**Problem to work on**. Output exactly the span of lines beginning with the one that holds "Some of the words" and ending with the last line of the data below.
BEGIN Exercise input
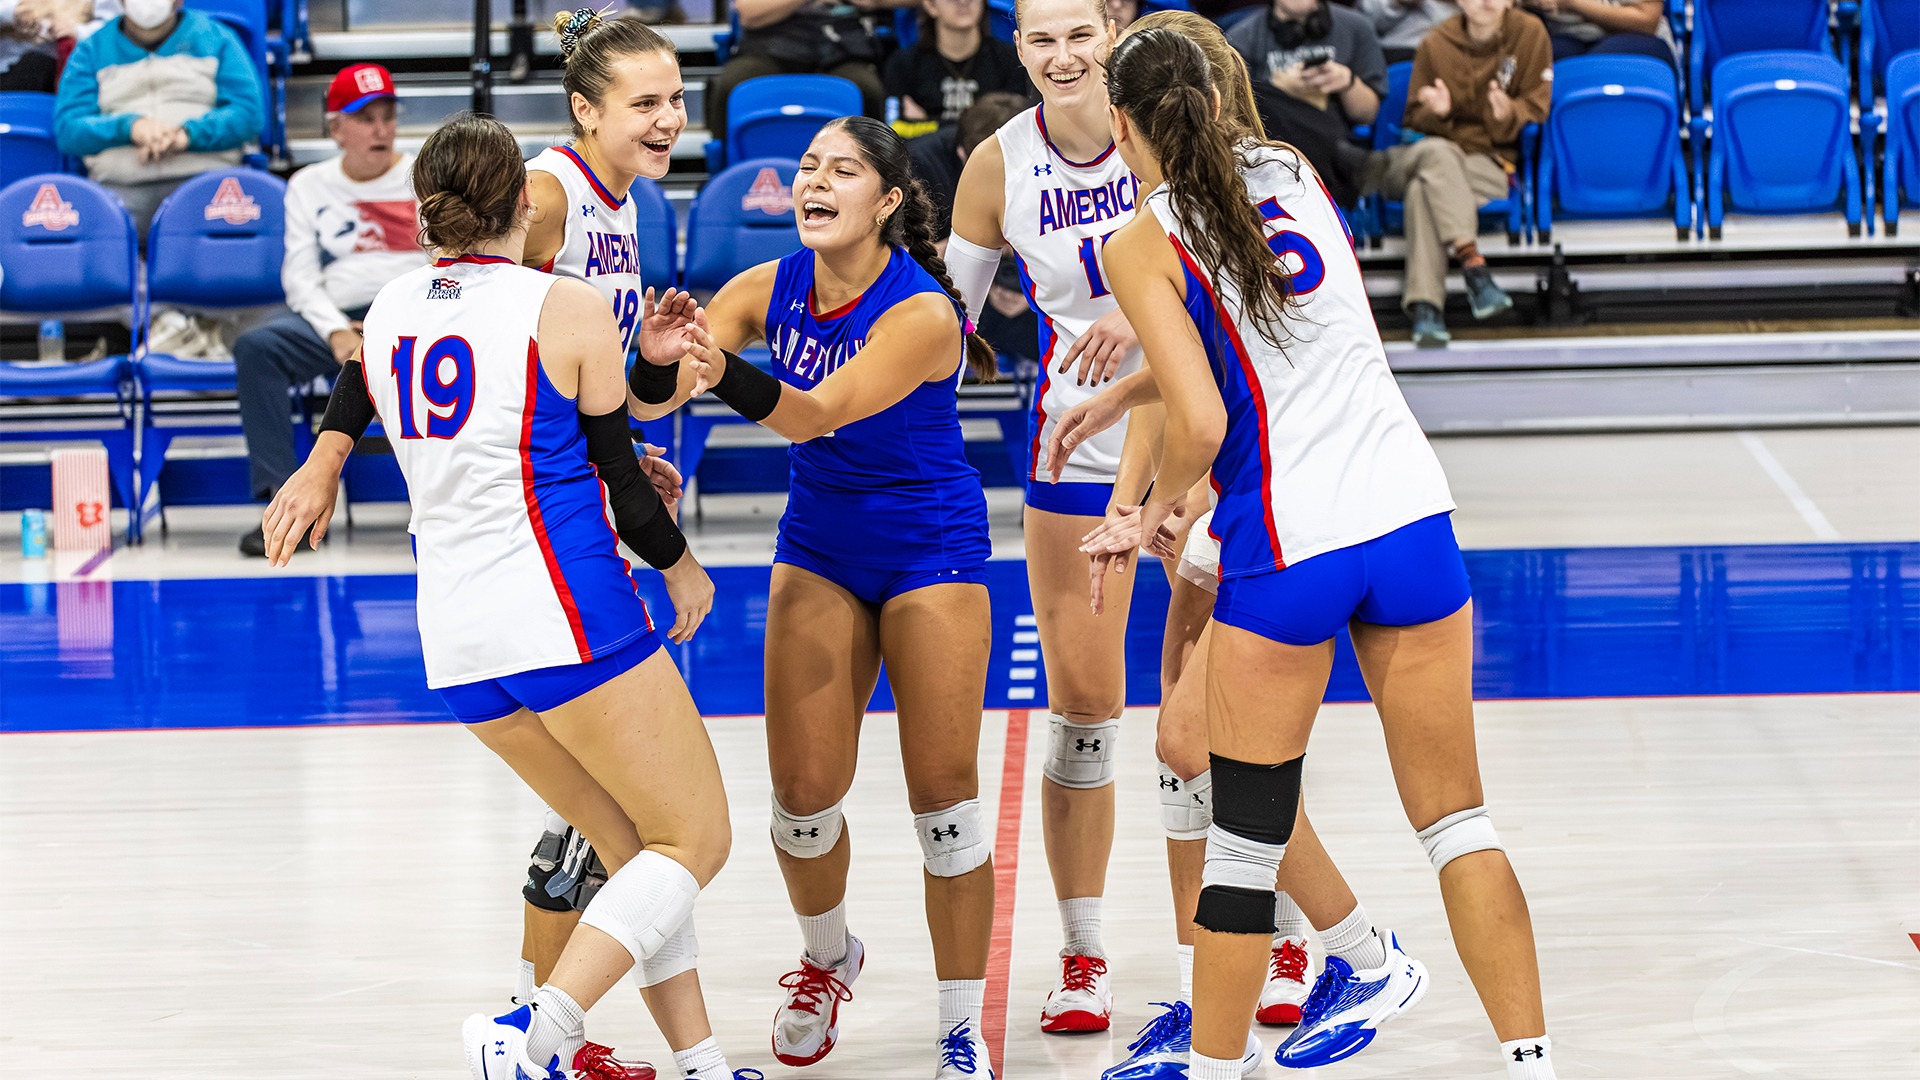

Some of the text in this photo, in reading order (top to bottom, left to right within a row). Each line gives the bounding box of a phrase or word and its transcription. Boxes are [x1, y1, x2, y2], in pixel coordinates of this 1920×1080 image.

[428, 287, 462, 295] PATRIOT
[1078, 229, 1118, 299] 1
[391, 335, 476, 440] 19
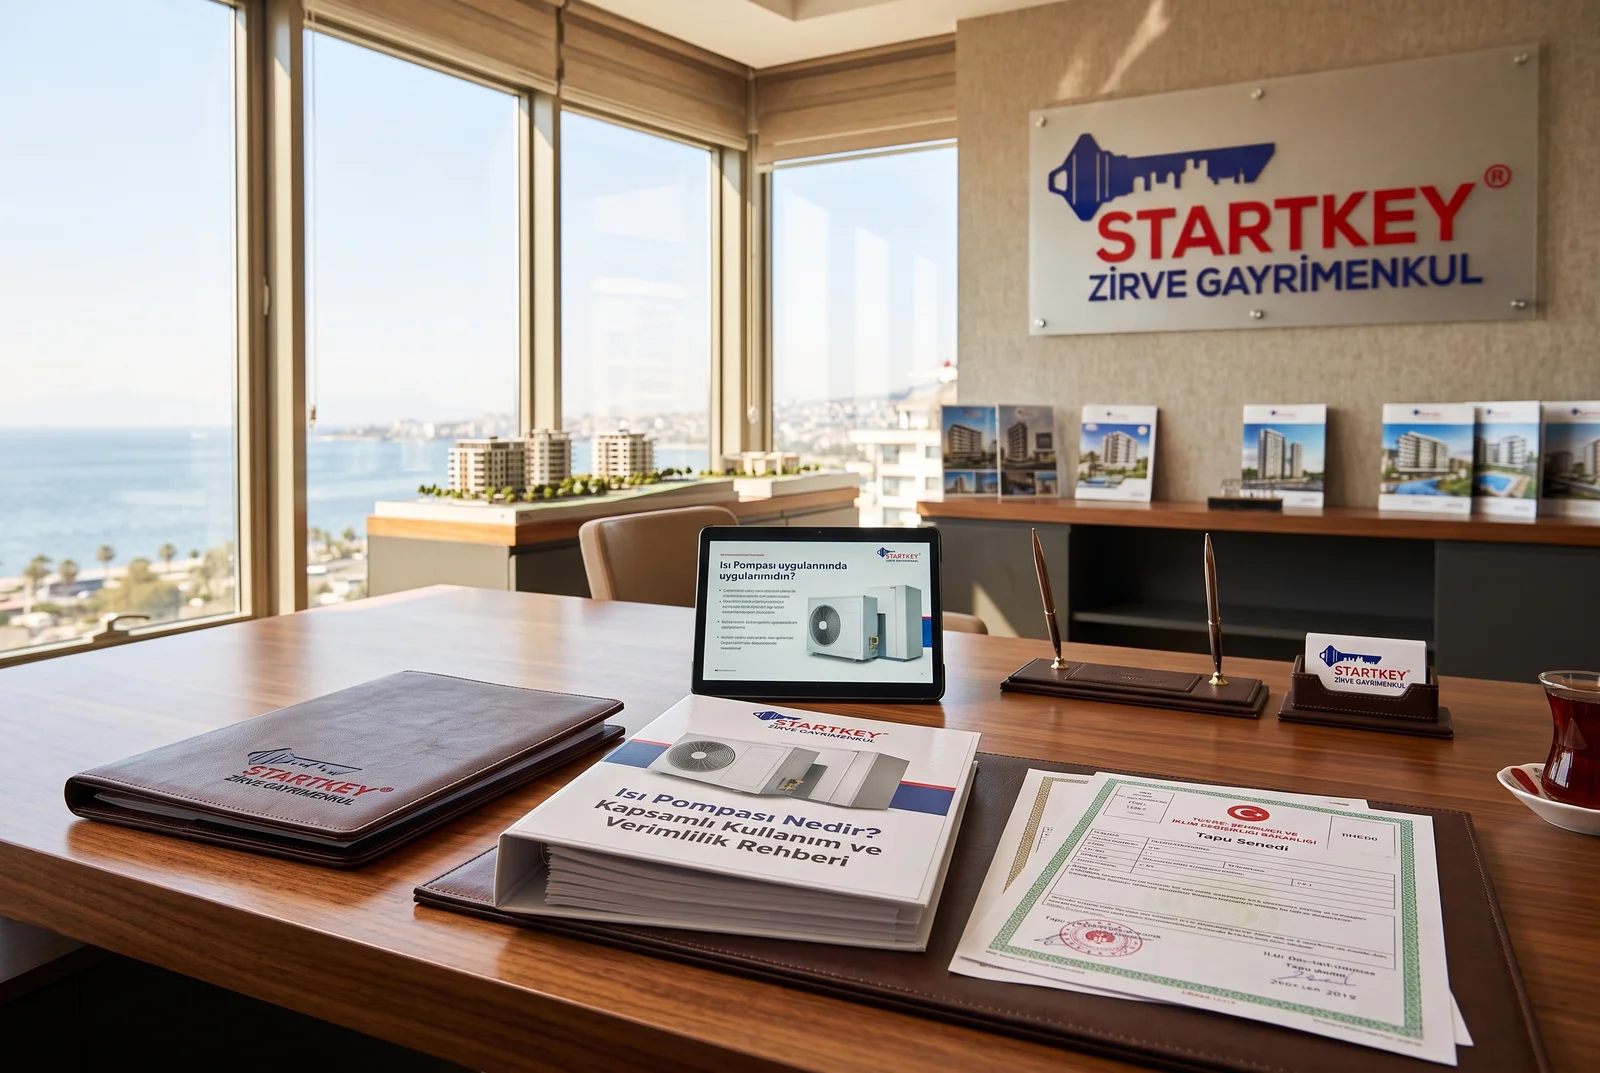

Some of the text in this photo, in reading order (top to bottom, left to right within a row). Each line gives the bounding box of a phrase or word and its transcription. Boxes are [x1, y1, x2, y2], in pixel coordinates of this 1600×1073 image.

[1096, 182, 1476, 263] STARTKEY
[1088, 253, 1484, 302] ZİRVE GAYRİMENKUL
[720, 561, 731, 569] Isı
[733, 561, 776, 571] Pompası
[1334, 665, 1407, 681] STARTKEY
[773, 720, 883, 738] STARTKEY
[242, 765, 379, 796] STARTKEY
[594, 799, 882, 856] Kapsamlı Kullanım ve
[615, 787, 882, 839] Isı Pompası Nedir?
[606, 816, 850, 867] Verimlilik Rehberi
[1196, 832, 1289, 852] Tapu Senedi
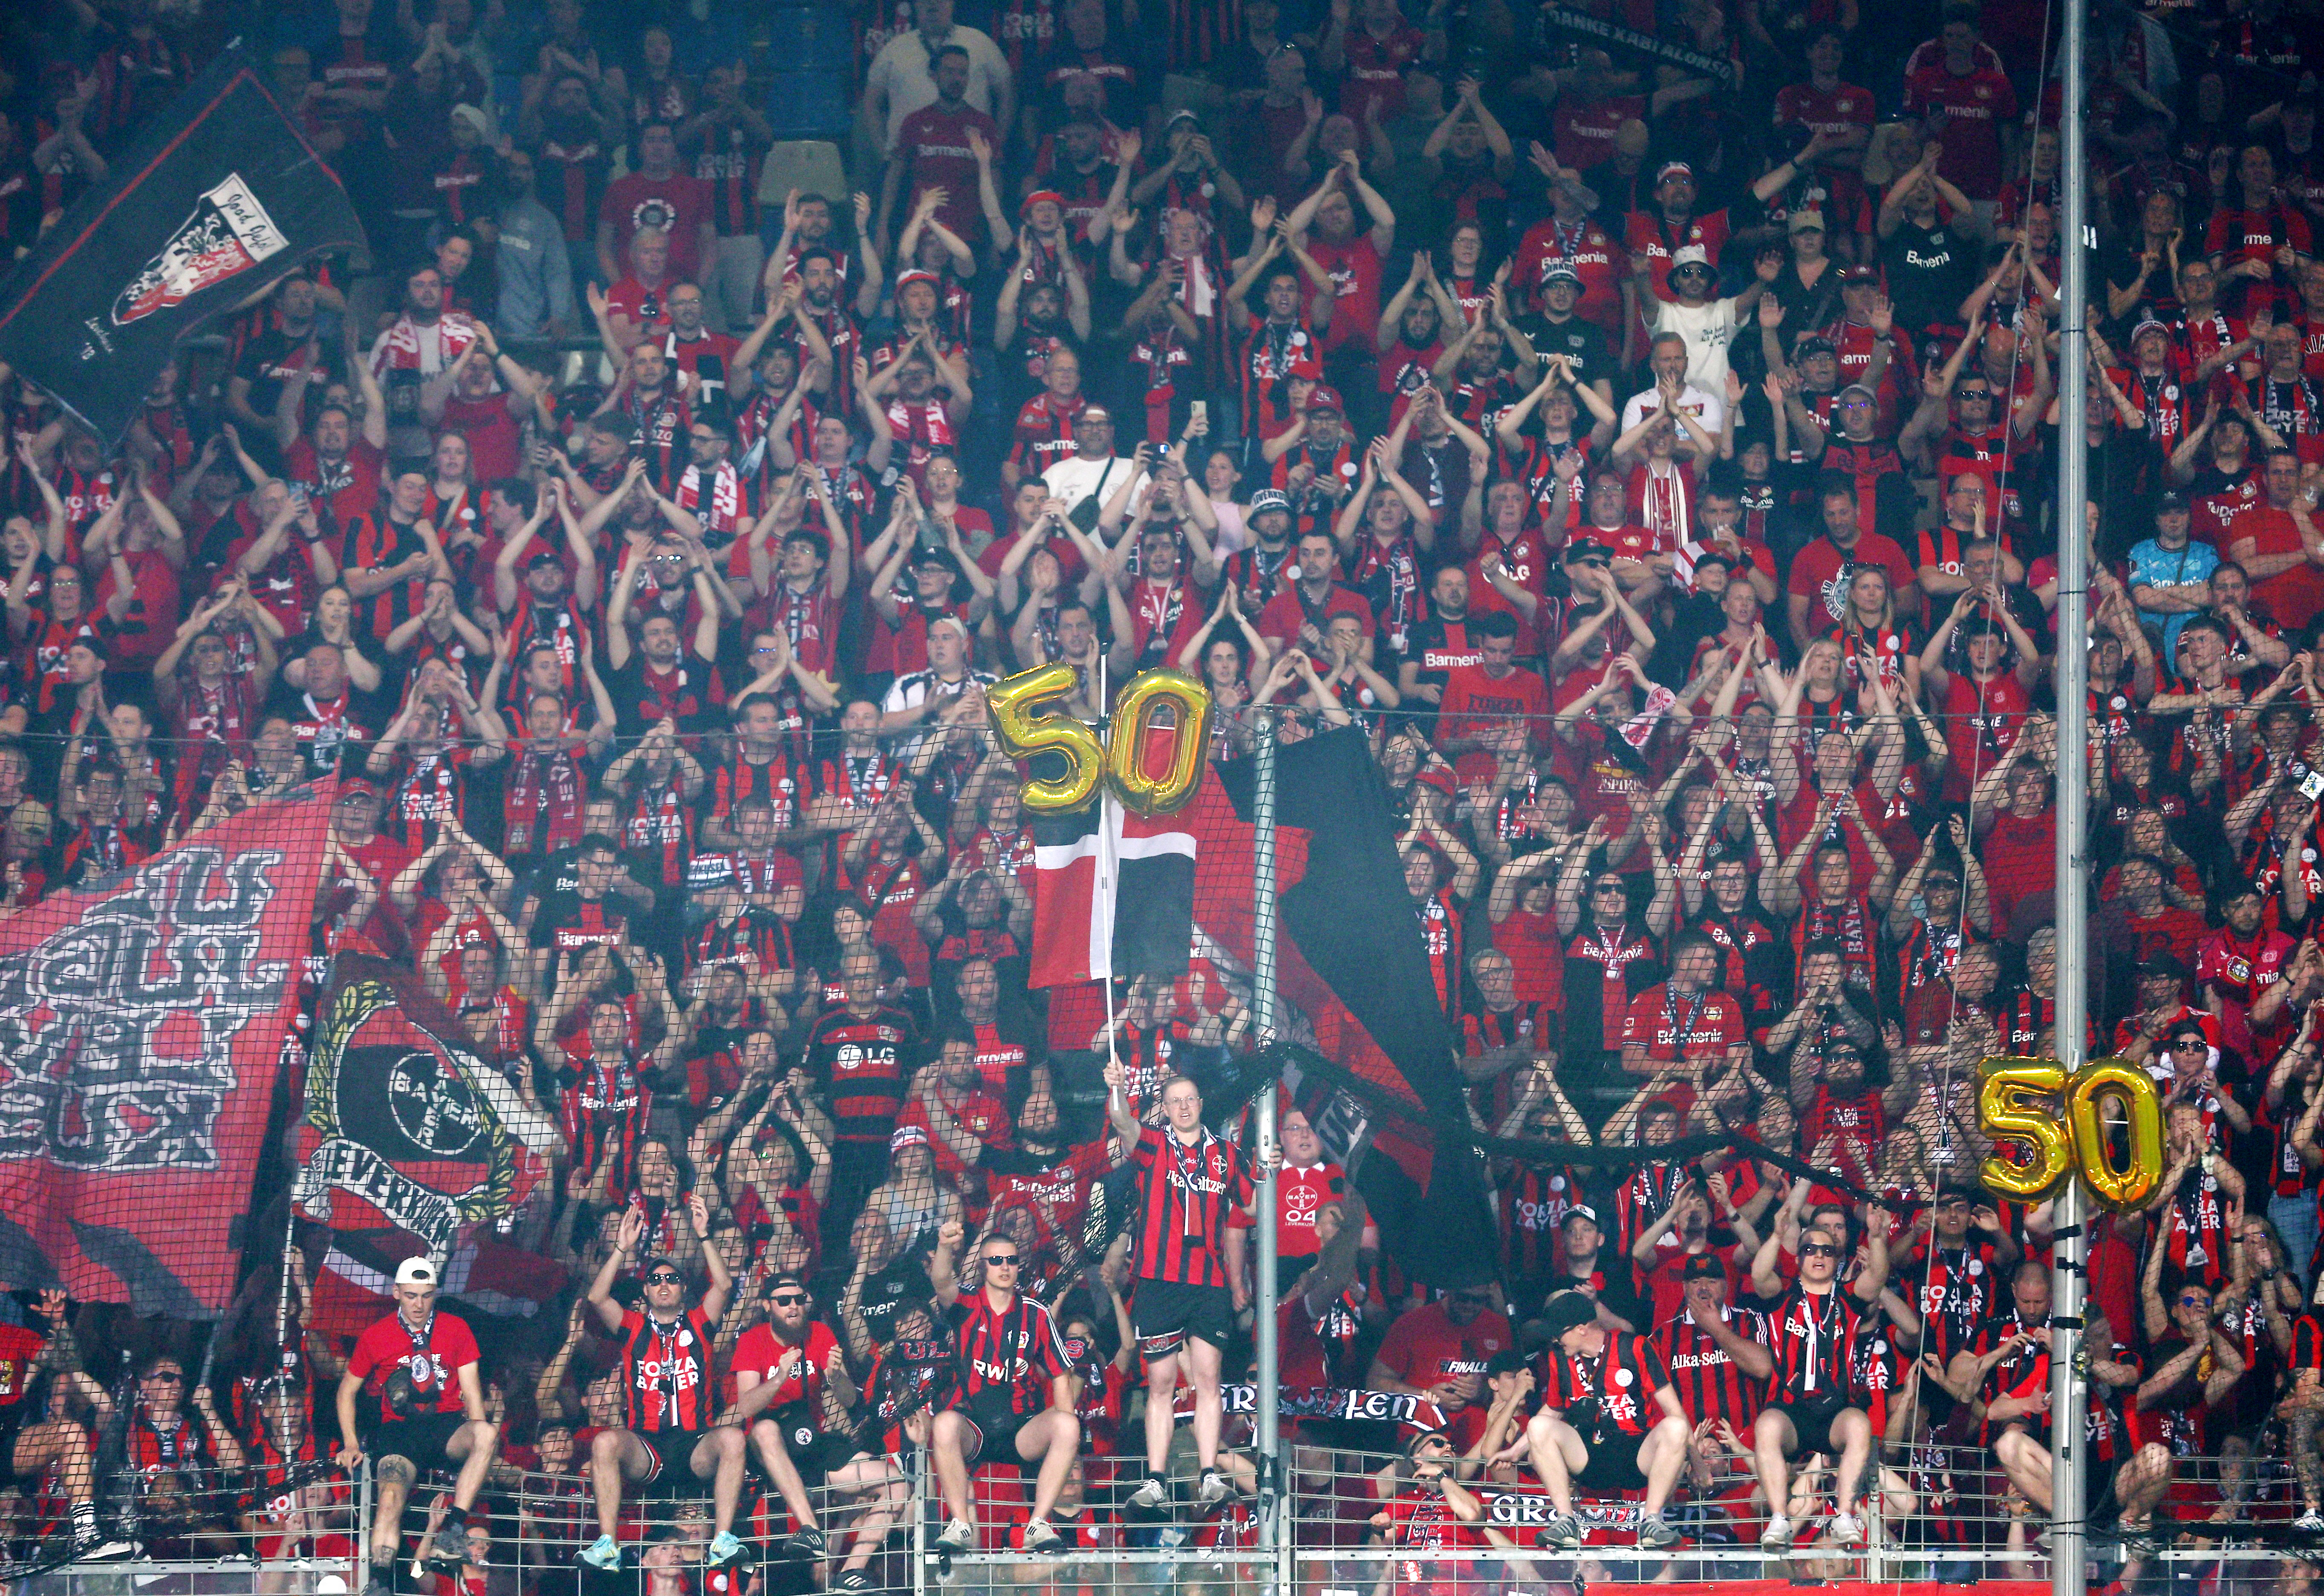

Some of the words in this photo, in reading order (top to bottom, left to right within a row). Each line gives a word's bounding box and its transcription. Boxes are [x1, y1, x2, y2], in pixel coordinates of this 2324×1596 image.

[1612, 27, 1658, 53] XABI
[1658, 43, 1732, 80] ALONSO
[1740, 495, 1774, 505] Barnia
[985, 661, 1213, 816] 50
[1583, 940, 1643, 959] Barenia
[1657, 1028, 1723, 1045] Bamenia
[867, 1047, 896, 1065] LG
[973, 1050, 1024, 1065] rmenia
[581, 1093, 639, 1111] Barenia
[1975, 1056, 2166, 1213] 50
[1286, 1210, 1316, 1222] 04
[1920, 1299, 1982, 1313] BAYR
[636, 1357, 699, 1377] FOZA
[1448, 1361, 1488, 1373] FINALE
[1671, 1349, 1731, 1369] Alka-Seltz
[636, 1371, 699, 1391] BAER
END Exercise input
**Reply**.
Some of the words in this photo, in reading order (top to bottom, left to right within a row). Each line gives a word's bounding box and its transcription. Boxes are [x1, y1, x2, y2], in pixel coordinates of this 2324×1596 image.

[1612, 27, 1658, 53] XABI
[1658, 43, 1732, 80] ALONSO
[1740, 495, 1774, 505] Barnia
[985, 661, 1213, 816] 50
[1583, 940, 1643, 959] Barenia
[1657, 1028, 1723, 1045] Bamenia
[867, 1047, 896, 1065] LG
[973, 1050, 1024, 1065] rmenia
[581, 1093, 639, 1111] Barenia
[1975, 1056, 2166, 1213] 50
[1286, 1210, 1316, 1222] 04
[1920, 1299, 1982, 1313] BAYR
[636, 1357, 699, 1377] FOZA
[1448, 1361, 1488, 1373] FINALE
[1671, 1349, 1731, 1369] Alka-Seltz
[636, 1371, 699, 1391] BAER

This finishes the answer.